[Start of Attachment]
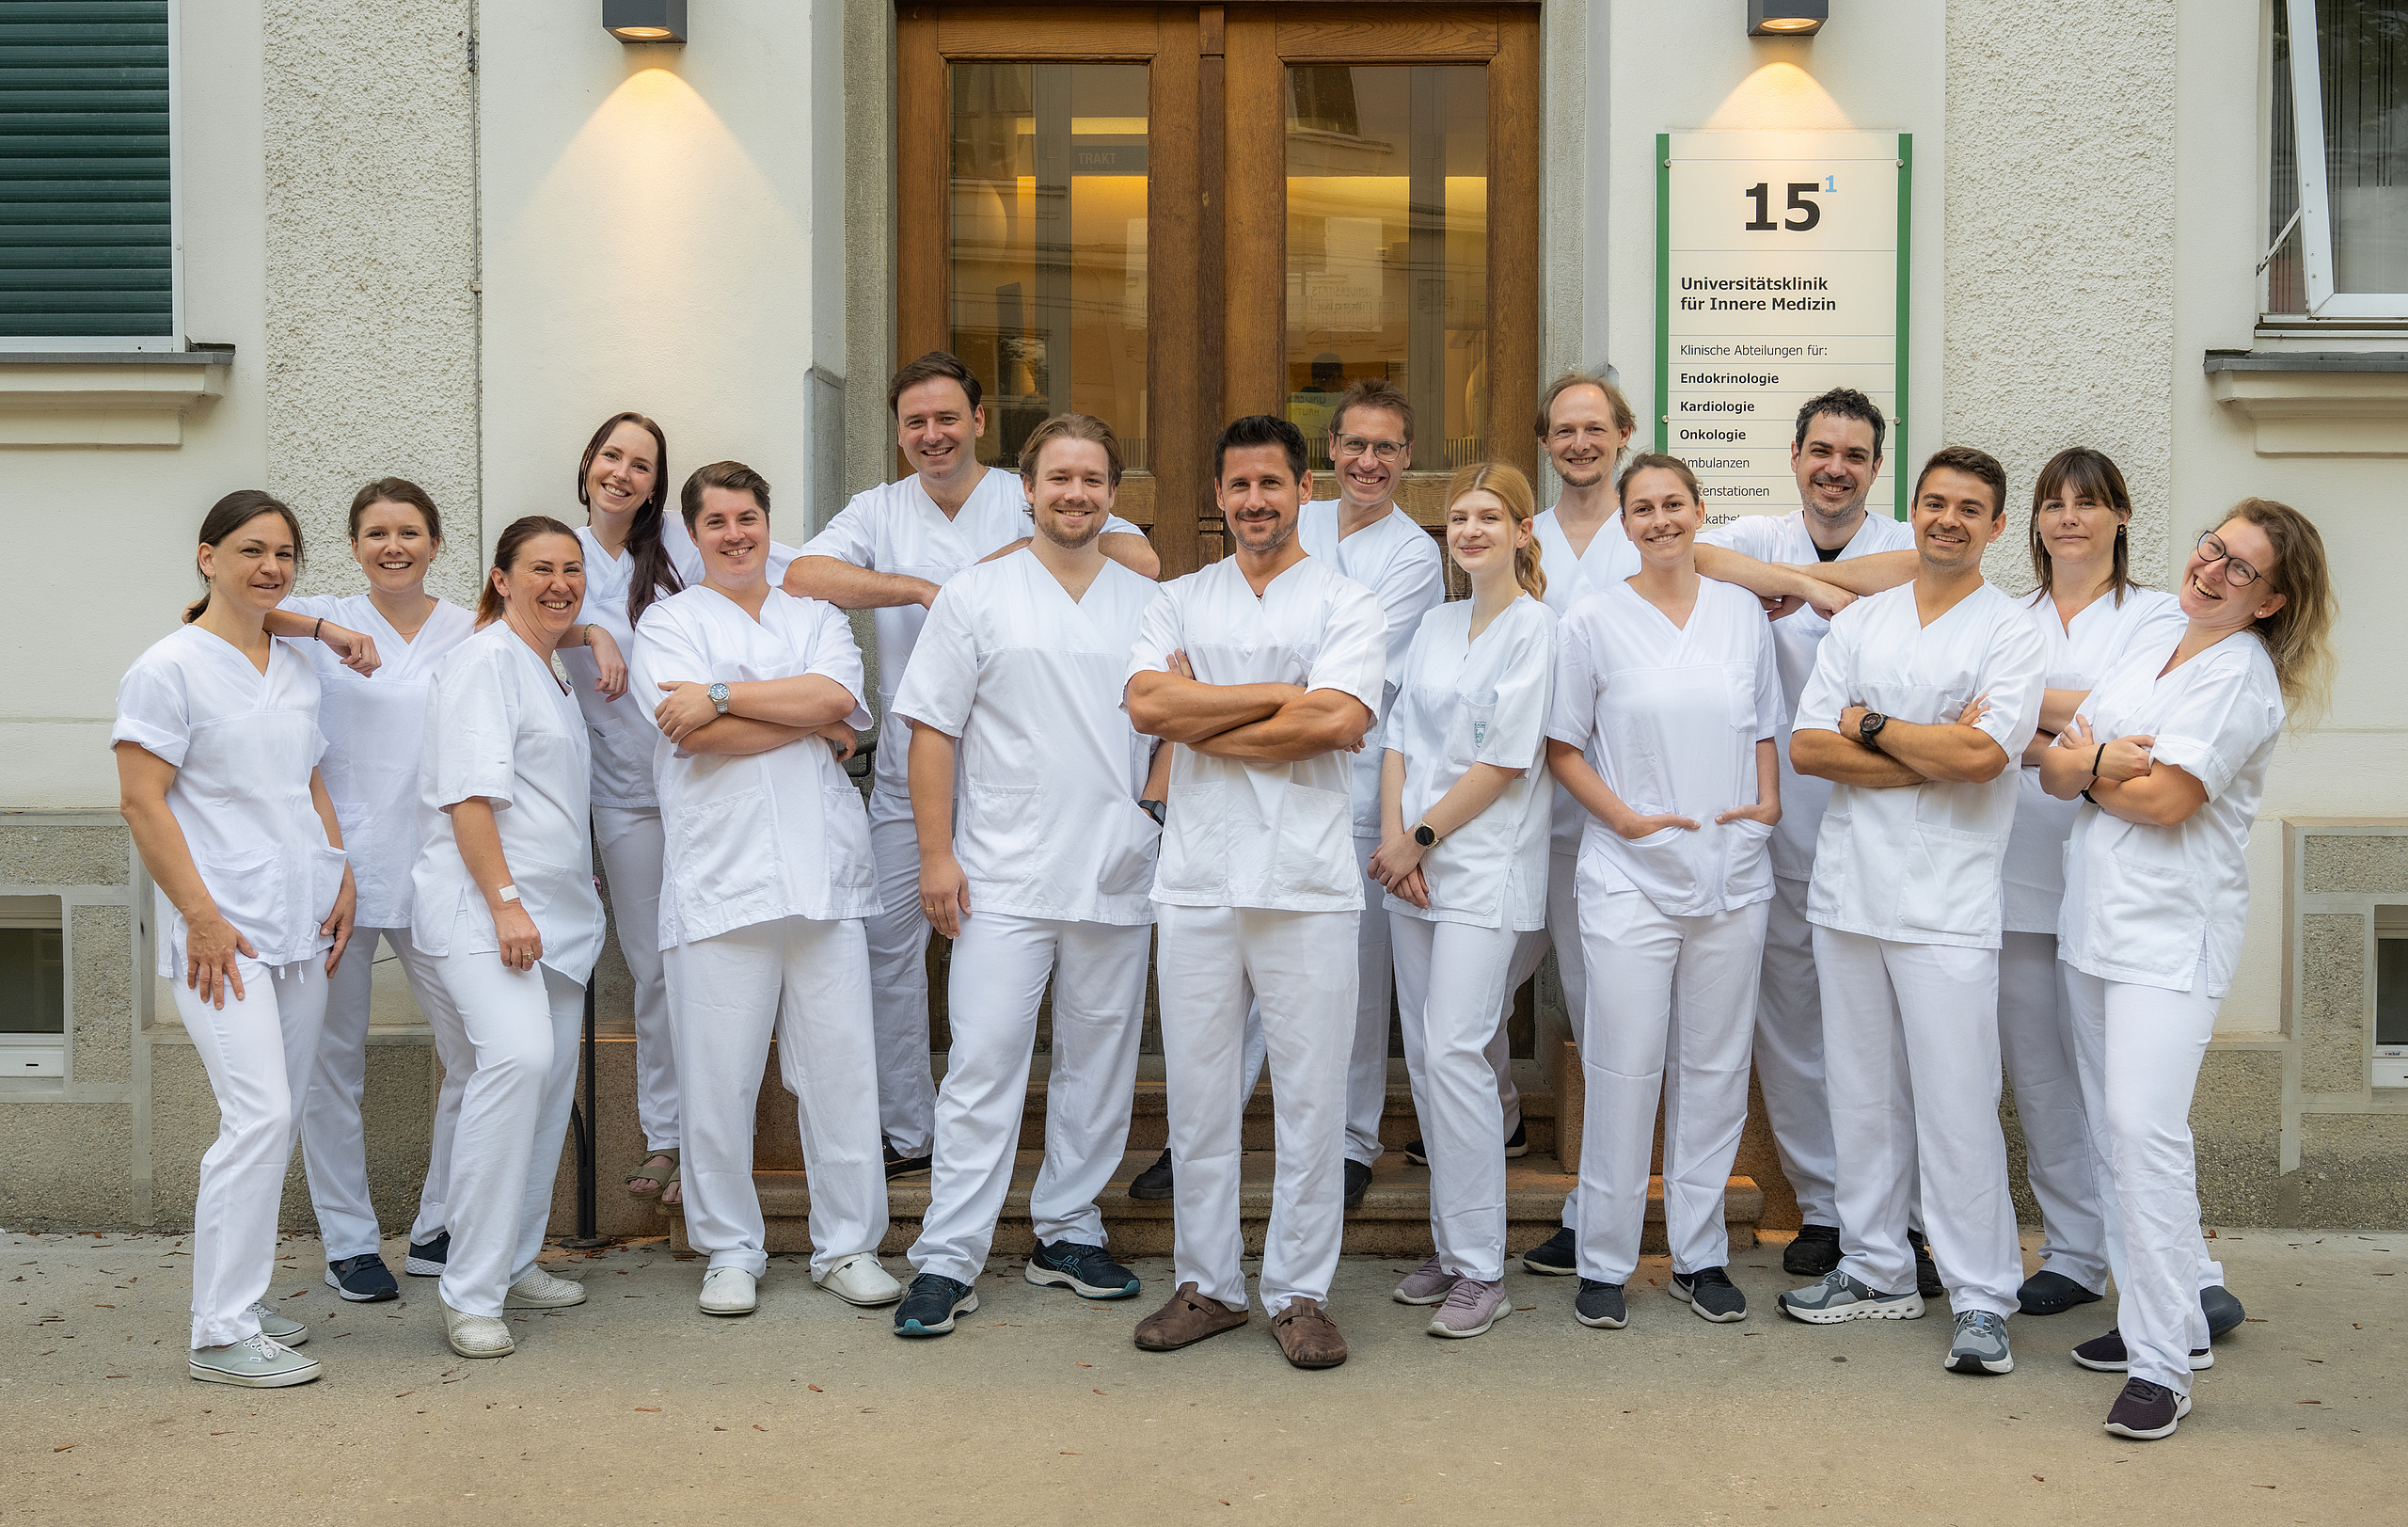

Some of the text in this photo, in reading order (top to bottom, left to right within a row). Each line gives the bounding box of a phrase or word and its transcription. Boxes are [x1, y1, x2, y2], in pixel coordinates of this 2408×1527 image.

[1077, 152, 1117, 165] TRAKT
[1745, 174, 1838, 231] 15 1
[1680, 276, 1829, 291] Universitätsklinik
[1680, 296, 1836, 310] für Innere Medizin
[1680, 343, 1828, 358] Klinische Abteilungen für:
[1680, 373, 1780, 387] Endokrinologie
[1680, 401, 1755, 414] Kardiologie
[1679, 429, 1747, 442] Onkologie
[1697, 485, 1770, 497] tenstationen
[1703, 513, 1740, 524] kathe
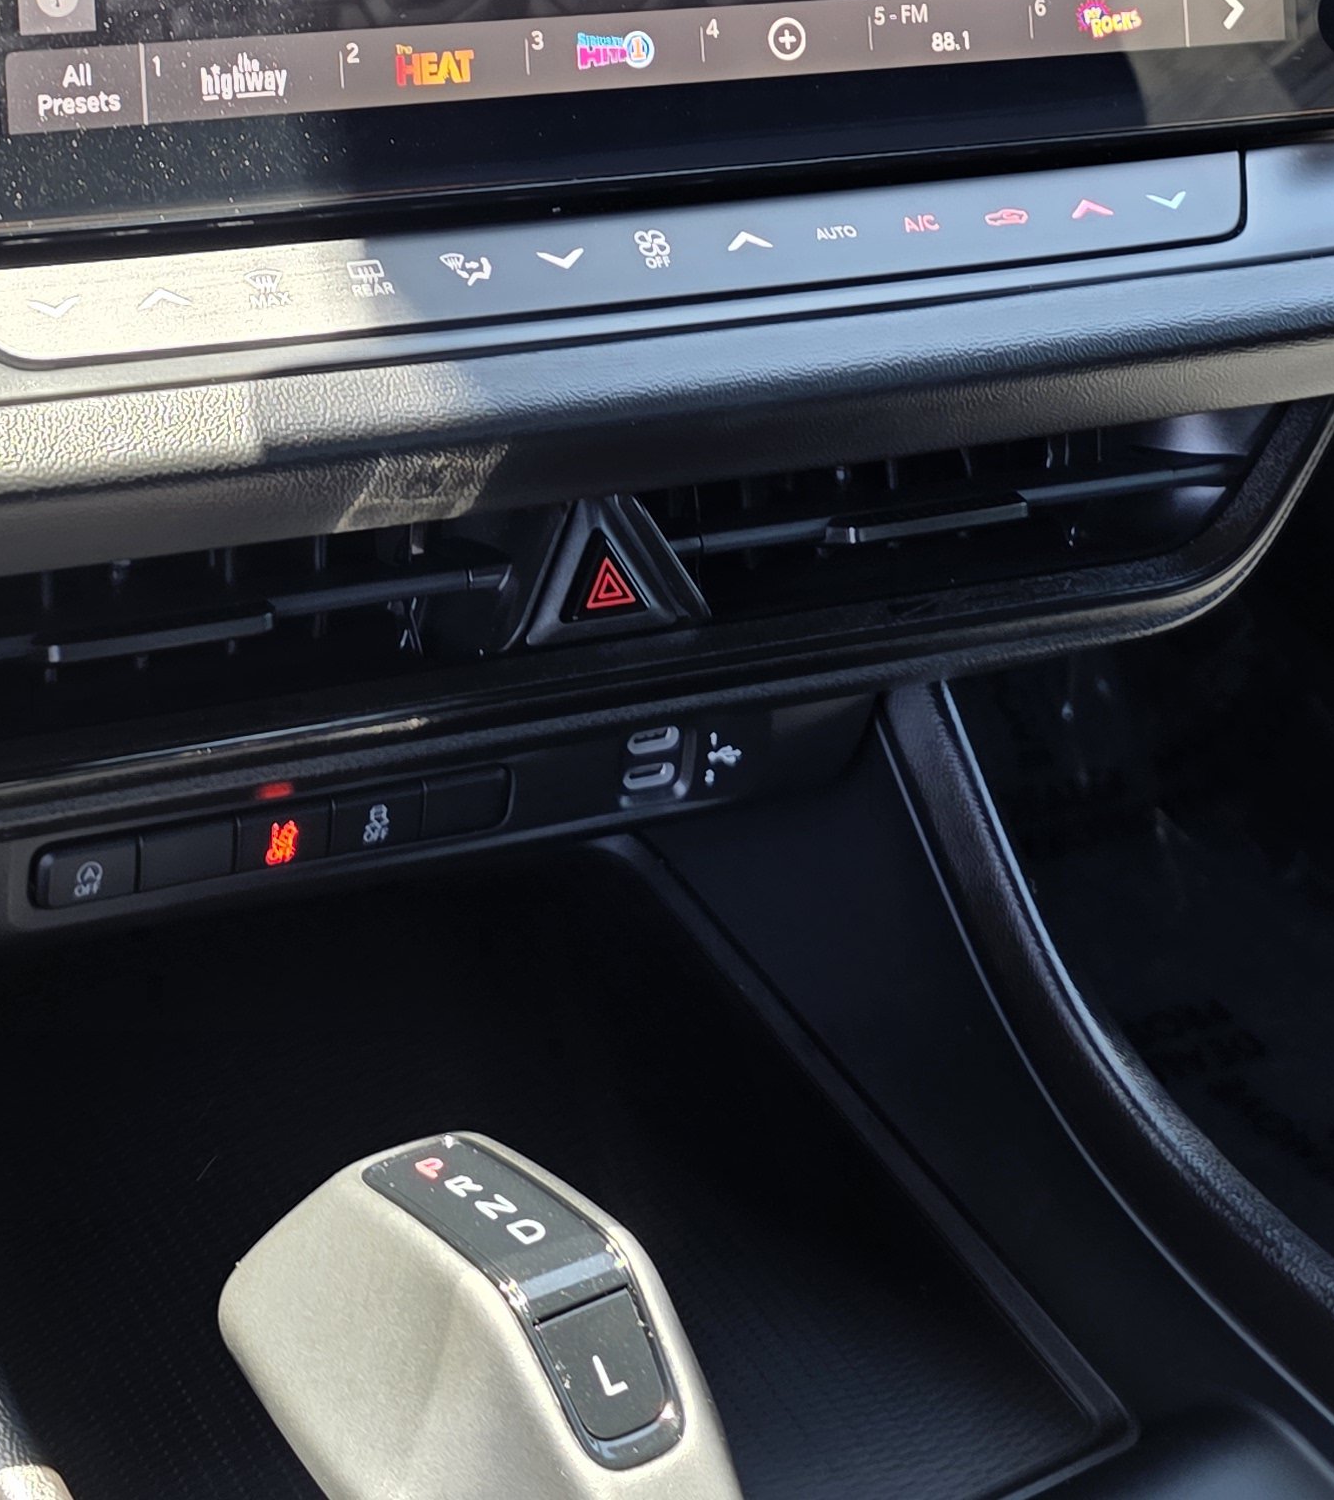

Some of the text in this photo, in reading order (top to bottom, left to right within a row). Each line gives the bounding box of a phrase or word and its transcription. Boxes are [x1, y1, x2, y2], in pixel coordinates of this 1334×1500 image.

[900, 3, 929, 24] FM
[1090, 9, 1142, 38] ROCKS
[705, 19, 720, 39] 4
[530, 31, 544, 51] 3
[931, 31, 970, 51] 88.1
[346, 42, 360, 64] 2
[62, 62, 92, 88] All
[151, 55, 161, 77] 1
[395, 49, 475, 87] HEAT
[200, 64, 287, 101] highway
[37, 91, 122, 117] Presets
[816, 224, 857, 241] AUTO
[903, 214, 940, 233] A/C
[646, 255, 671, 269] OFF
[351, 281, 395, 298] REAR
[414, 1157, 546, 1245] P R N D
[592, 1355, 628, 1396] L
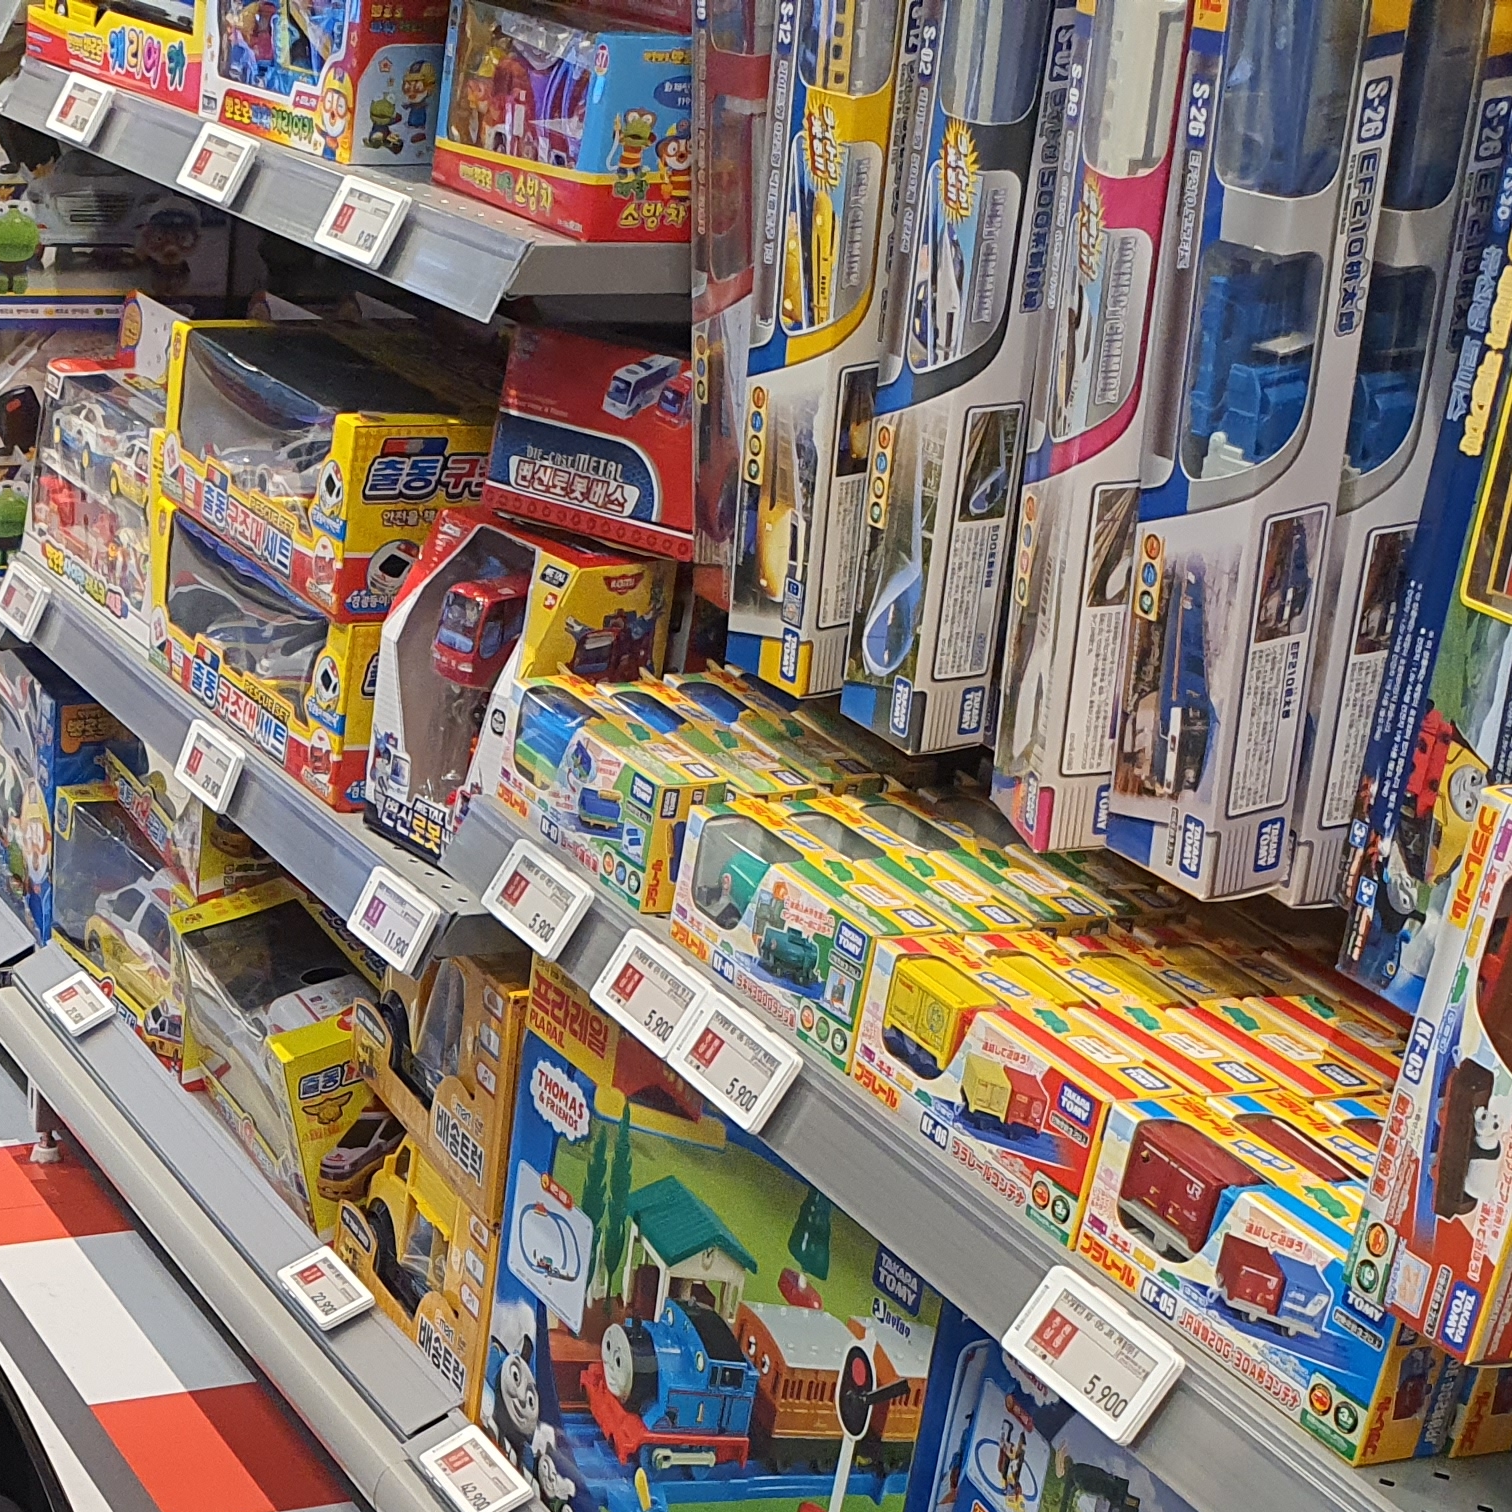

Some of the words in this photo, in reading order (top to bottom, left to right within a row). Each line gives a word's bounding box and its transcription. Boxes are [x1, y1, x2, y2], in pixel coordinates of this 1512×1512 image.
[End of Attachment]
- _Work to be completed_:
The entries above must be restated exactly in the answer, and the pictures left out.

- _Solution to this task_:
Some of the text in this photo, in reading order (top to bottom, left to right within a row). Each line gives the bounding box of a phrase or word and its transcription. Boxes are [x1, y1, x2, y2], in pixel coordinates of this 2408×1527 image.

[1077, 152, 1117, 165] TRAKT
[1745, 174, 1838, 231] 15 1
[1680, 276, 1829, 291] Universitätsklinik
[1680, 296, 1836, 310] für Innere Medizin
[1680, 343, 1828, 358] Klinische Abteilungen für:
[1680, 373, 1780, 387] Endokrinologie
[1680, 401, 1755, 414] Kardiologie
[1679, 429, 1747, 442] Onkologie
[1697, 485, 1770, 497] tenstationen
[1703, 513, 1740, 524] kathe

Some of the text in this photo, in reading order (top to bottom, left to right within a row). Each line gives the bounding box of a phrase or word and its transcription. Boxes are [x1, y1, x2, y2], in pixel coordinates of this 1334×1500 image.

[900, 3, 929, 24] FM
[1090, 9, 1142, 38] ROCKS
[705, 19, 720, 39] 4
[530, 31, 544, 51] 3
[931, 31, 970, 51] 88.1
[346, 42, 360, 64] 2
[62, 62, 92, 88] All
[151, 55, 161, 77] 1
[395, 49, 475, 87] HEAT
[200, 64, 287, 101] highway
[37, 91, 122, 117] Presets
[816, 224, 857, 241] AUTO
[903, 214, 940, 233] A/C
[646, 255, 671, 269] OFF
[351, 281, 395, 298] REAR
[414, 1157, 546, 1245] P R N D
[592, 1355, 628, 1396] L

Some of the words in this photo, in reading order (top to bottom, left to right within a row). Each line gives a word's bounding box and its transcription. Boxes are [x1, y1, x2, y2], in pixel coordinates of this 1512×1512 image.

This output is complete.